Because the pictures are not wanted, give back only the exact text of every entry below.

[Recorded data]
[Start of section]
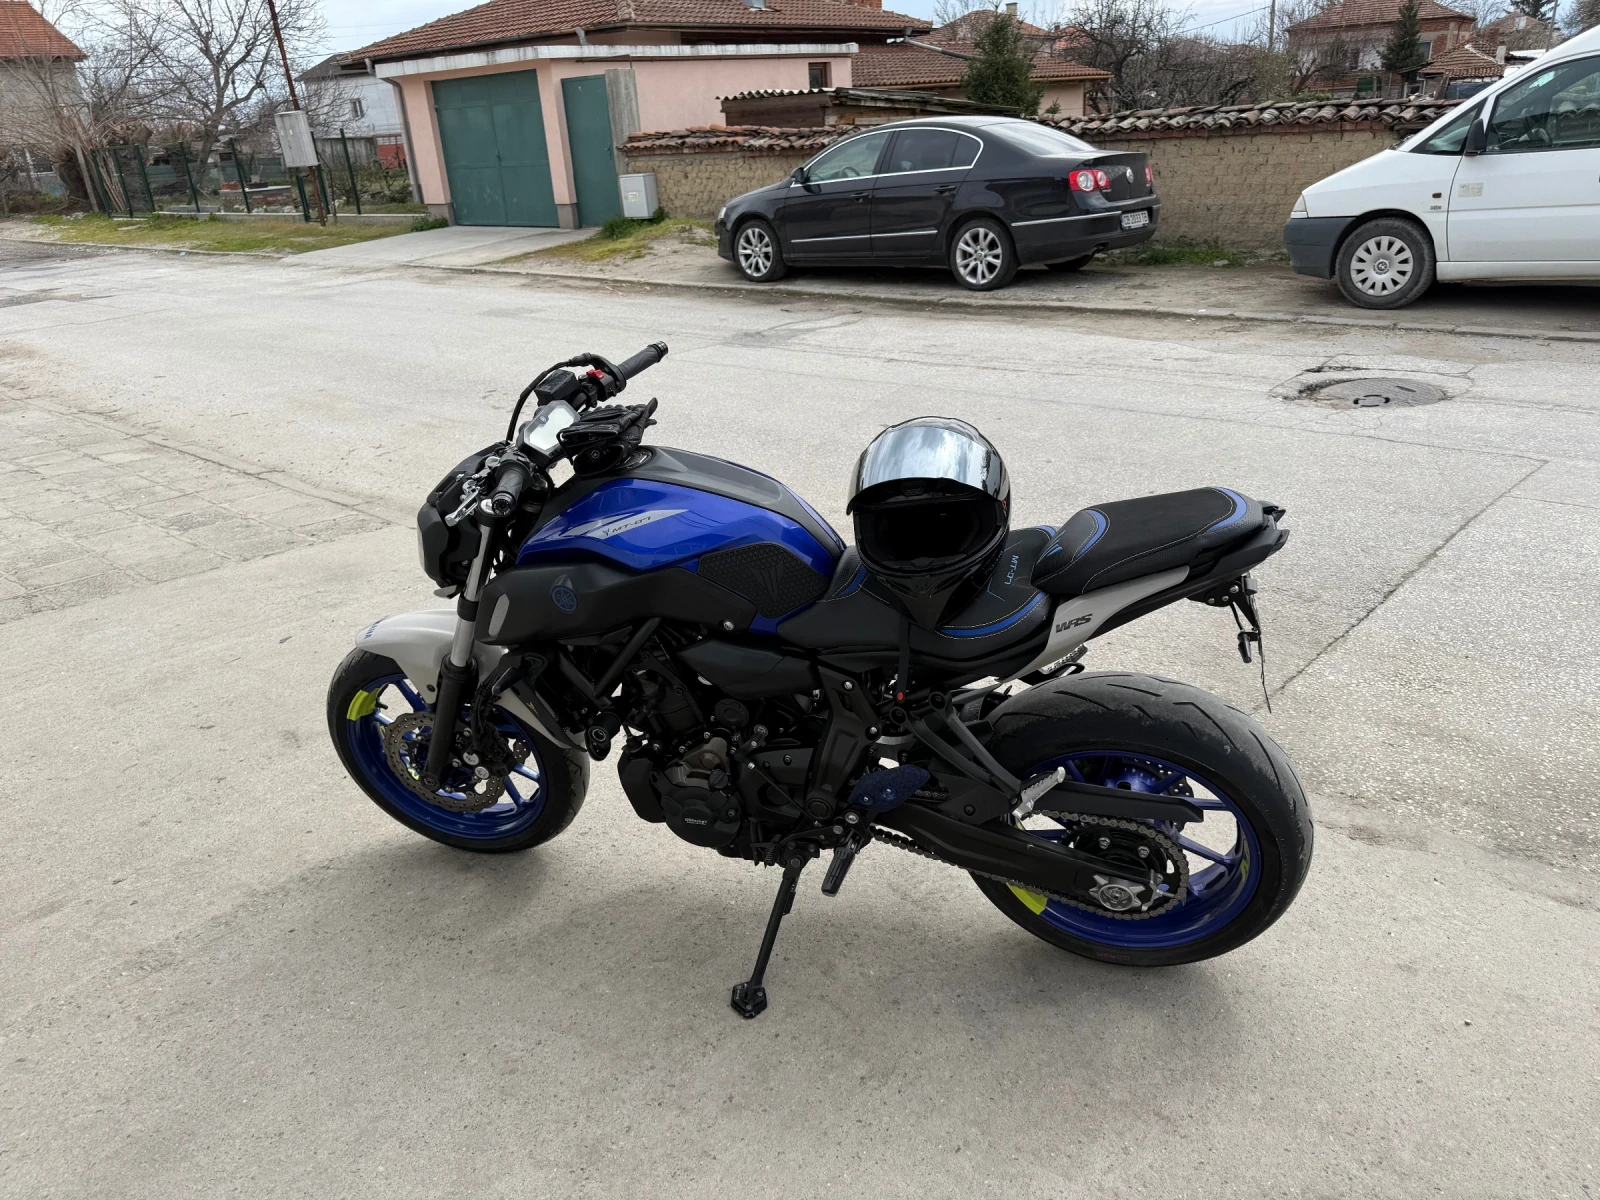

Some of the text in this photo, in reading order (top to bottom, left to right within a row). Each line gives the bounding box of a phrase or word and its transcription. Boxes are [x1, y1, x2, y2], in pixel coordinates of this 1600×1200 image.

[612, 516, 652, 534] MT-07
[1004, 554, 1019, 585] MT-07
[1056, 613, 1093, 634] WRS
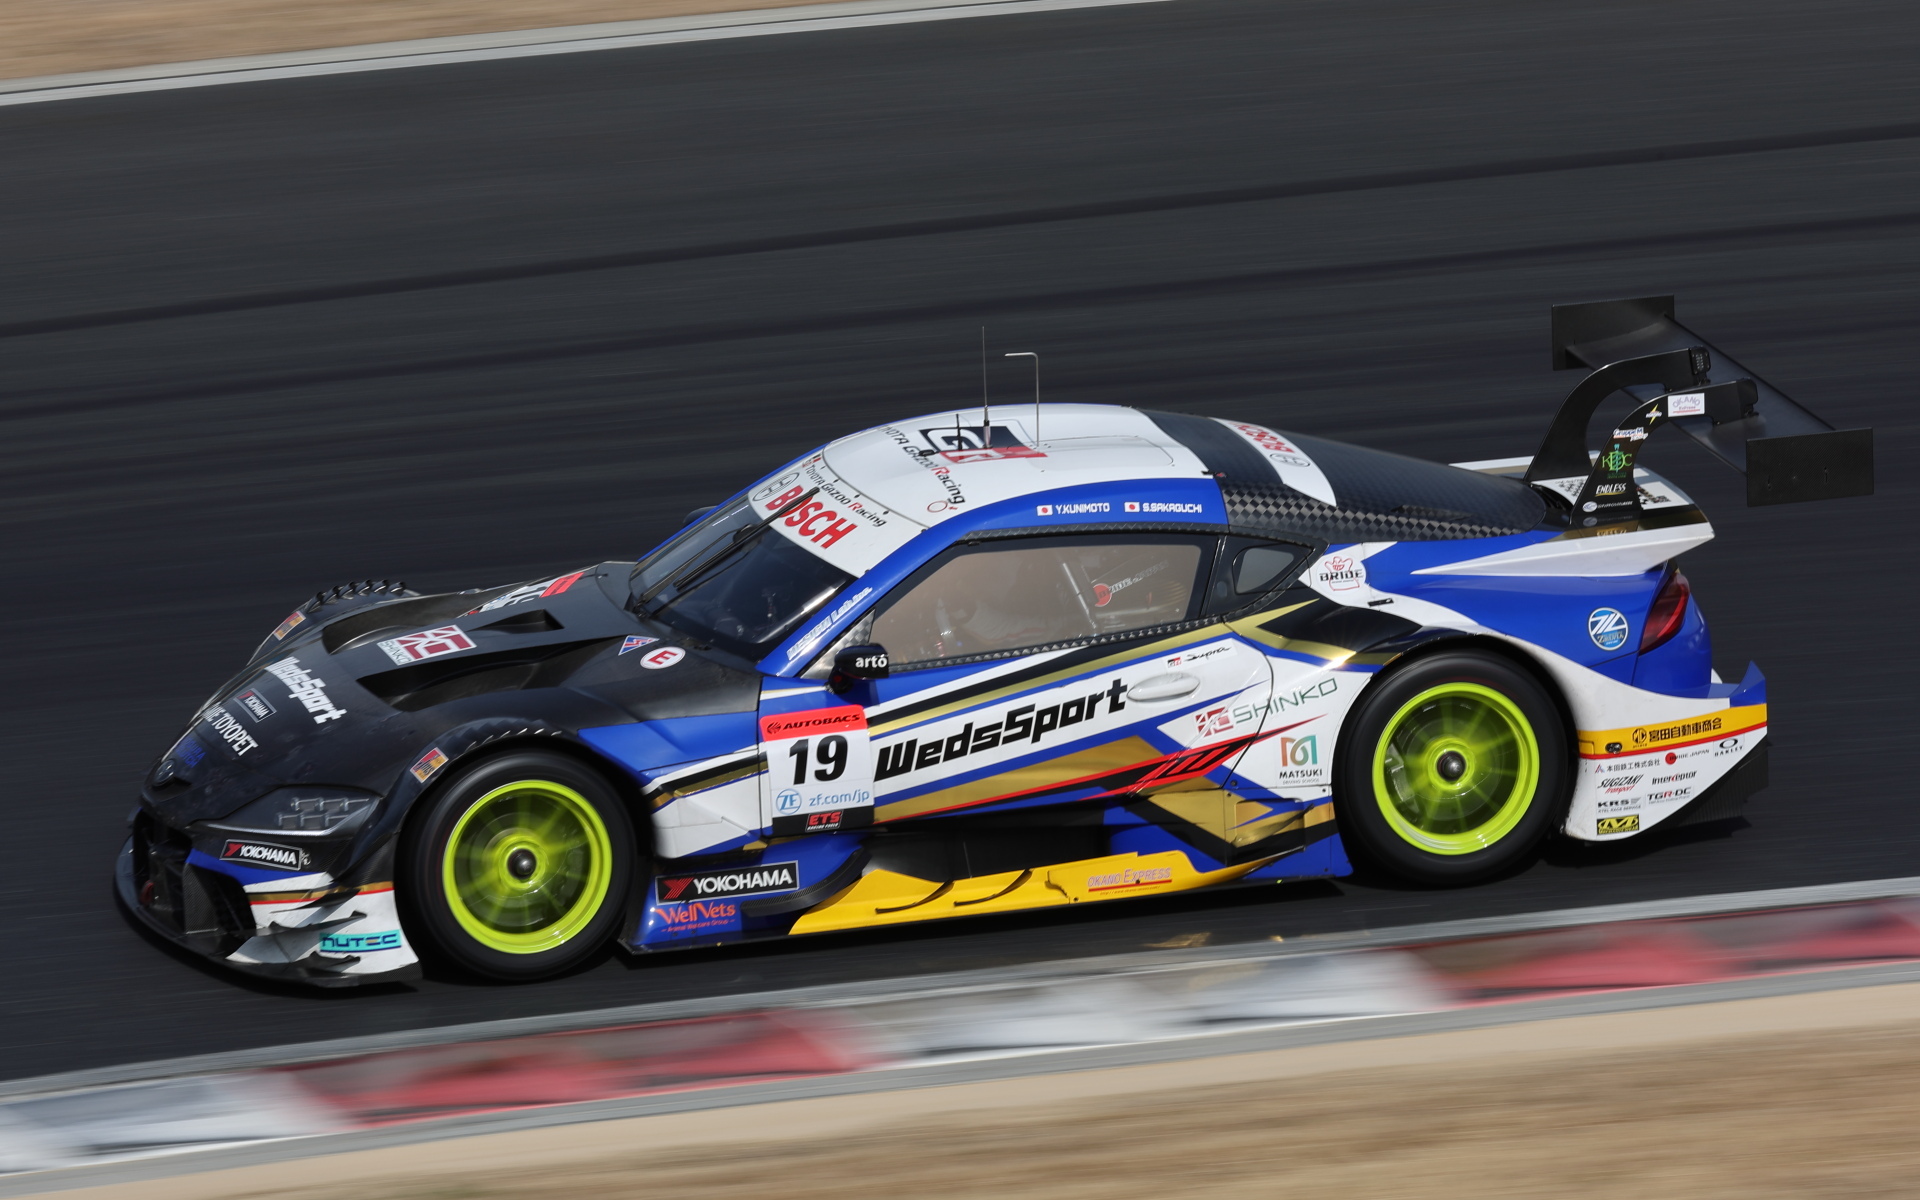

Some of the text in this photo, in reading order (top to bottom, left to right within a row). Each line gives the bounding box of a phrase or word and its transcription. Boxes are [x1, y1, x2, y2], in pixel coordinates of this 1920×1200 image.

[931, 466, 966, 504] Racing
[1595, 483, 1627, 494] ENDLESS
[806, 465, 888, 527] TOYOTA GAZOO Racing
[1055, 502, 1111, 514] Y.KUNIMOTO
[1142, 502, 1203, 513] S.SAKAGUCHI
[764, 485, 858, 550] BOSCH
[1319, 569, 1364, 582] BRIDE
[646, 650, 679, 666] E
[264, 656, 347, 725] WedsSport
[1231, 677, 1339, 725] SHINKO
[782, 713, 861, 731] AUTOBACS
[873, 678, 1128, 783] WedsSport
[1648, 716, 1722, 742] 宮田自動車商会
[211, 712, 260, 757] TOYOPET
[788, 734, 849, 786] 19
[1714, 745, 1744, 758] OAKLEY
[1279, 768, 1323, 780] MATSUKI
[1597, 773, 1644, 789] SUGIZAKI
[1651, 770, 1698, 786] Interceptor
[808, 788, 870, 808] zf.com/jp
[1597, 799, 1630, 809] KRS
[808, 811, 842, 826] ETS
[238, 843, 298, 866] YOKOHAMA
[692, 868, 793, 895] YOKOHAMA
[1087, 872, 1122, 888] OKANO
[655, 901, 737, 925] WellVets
[End of section]
# [Output for this task]
Some of the text in this photo, in reading order (top to bottom, left to right within a row). Each line gives the bounding box of a phrase or word and its transcription. Boxes are [x1, y1, x2, y2], in pixel coordinates of this 1600×1200 image.

[612, 516, 652, 534] MT-07
[1004, 554, 1019, 585] MT-07
[1056, 613, 1093, 634] WRS

Some of the text in this photo, in reading order (top to bottom, left to right within a row). Each line gives the bounding box of a phrase or word and its transcription. Boxes are [x1, y1, x2, y2], in pixel coordinates of this 1920×1200 image.

[931, 466, 966, 504] Racing
[1595, 483, 1627, 494] ENDLESS
[806, 465, 888, 527] TOYOTA GAZOO Racing
[1055, 502, 1111, 514] Y.KUNIMOTO
[1142, 502, 1203, 513] S.SAKAGUCHI
[764, 485, 858, 550] BOSCH
[1319, 569, 1364, 582] BRIDE
[646, 650, 679, 666] E
[264, 656, 347, 725] WedsSport
[1231, 677, 1339, 725] SHINKO
[782, 713, 861, 731] AUTOBACS
[873, 678, 1128, 783] WedsSport
[1648, 716, 1722, 742] 宮田自動車商会
[211, 712, 260, 757] TOYOPET
[788, 734, 849, 786] 19
[1714, 745, 1744, 758] OAKLEY
[1279, 768, 1323, 780] MATSUKI
[1597, 773, 1644, 789] SUGIZAKI
[1651, 770, 1698, 786] Interceptor
[808, 788, 870, 808] zf.com/jp
[1597, 799, 1630, 809] KRS
[808, 811, 842, 826] ETS
[238, 843, 298, 866] YOKOHAMA
[692, 868, 793, 895] YOKOHAMA
[1087, 872, 1122, 888] OKANO
[655, 901, 737, 925] WellVets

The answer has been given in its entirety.